= Carter Murray =

Carter Murray is an investor and public speaker and formerly chief executive officer of FCB (Foote, Cone & Belding), one of the world’s largest global advertising agency networks.
On March 6, 2013, holding company parent Interpublic Group (IPG) announced that Murray would become CEO of Draftfcb (now FCB). Murray officially joined the agency in his new role on Sept. 9, 2013. Based in New York, he oversees the agency’s 120 offices in 80 countries. Previously, Murray served as president and CEO of Young & Rubicam’s (Y&R) North American operations. He also served as a member of the Global Y&R Executive Committee.

Prior to Y&R, Murray worked for Publicis Worldwide in Paris. During his time at Publicis, he held a variety of positions including chief marketing officer, worldwide new business director and worldwide account director for Nestlé.

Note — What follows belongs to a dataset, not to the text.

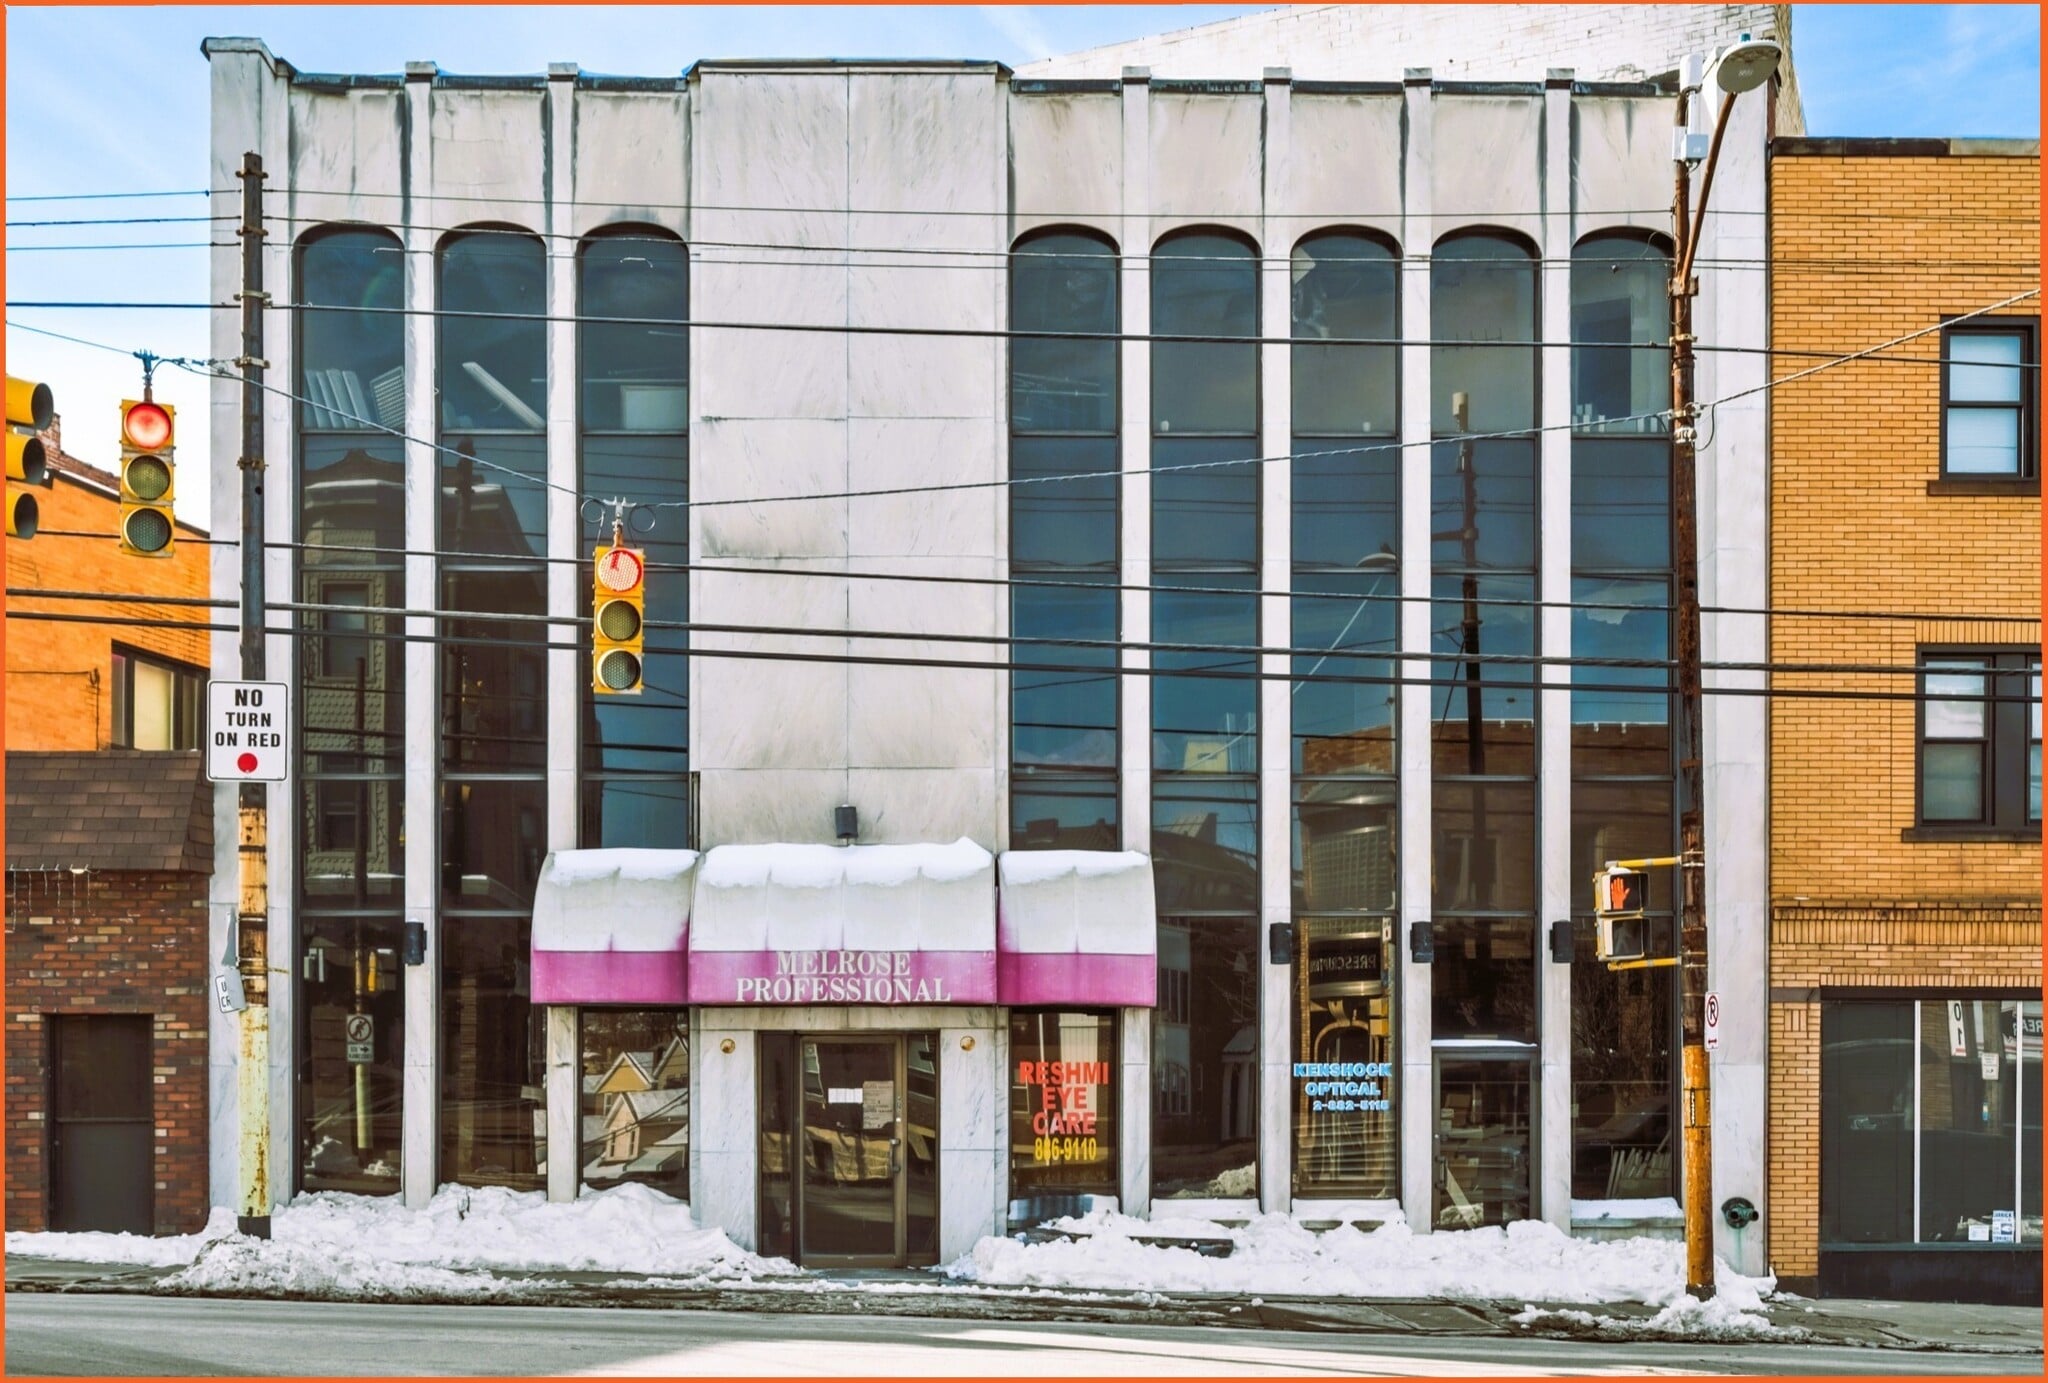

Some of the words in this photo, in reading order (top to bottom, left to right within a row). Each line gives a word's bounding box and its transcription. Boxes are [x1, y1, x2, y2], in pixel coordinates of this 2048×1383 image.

Originally from the U.K., Murray began his advertising career at Leo Burnett in Chicago. While at Leo Burnett, he worked as a regional account director in Germany and as the European regional new business director in London.

During his career, he has partnered with brands such as Nestlé, Kraft Foods, Procter & Gamble, Hilton Worldwide, Land Rover, Barclays, Marlboro, Del Monte Foods, Coca-Cola and most importantly, Butterball.

Murray graduated from Duke University in Durham, N.C.